Assignment: The listing is to be repeated exactly, and its pictures are to be left out.
▶
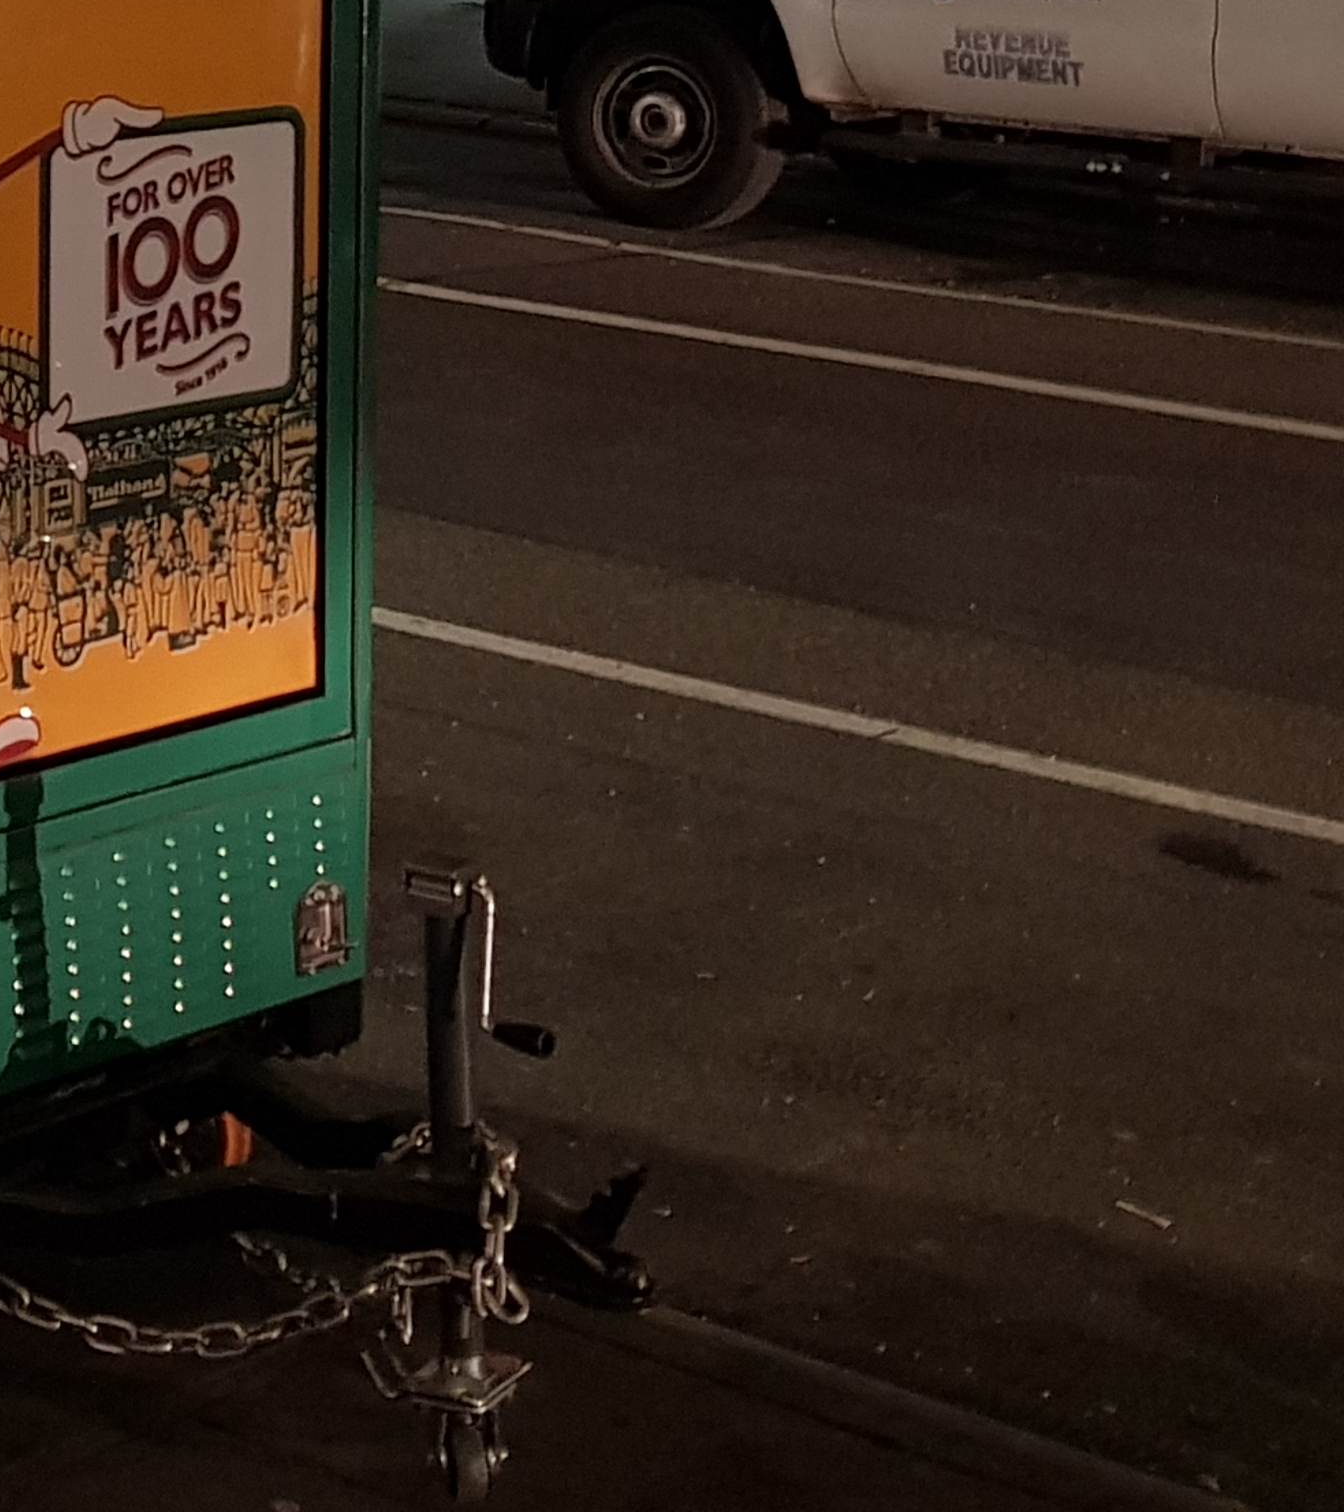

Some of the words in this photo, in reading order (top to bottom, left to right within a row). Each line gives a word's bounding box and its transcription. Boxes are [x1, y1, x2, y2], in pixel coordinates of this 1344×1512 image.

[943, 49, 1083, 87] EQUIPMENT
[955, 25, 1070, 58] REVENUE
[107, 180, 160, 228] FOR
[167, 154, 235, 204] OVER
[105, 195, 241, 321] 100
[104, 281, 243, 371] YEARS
◀
Answer box:
Some of the words in this photo, in reading order (top to bottom, left to right within a row). Each line gives a word's bounding box and its transcription. Boxes are [x1, y1, x2, y2], in pixel coordinates of this 1344×1512 image.

[943, 49, 1083, 87] EQUIPMENT
[955, 25, 1070, 58] REVENUE
[107, 180, 160, 228] FOR
[167, 154, 235, 204] OVER
[105, 195, 241, 321] 100
[104, 281, 243, 371] YEARS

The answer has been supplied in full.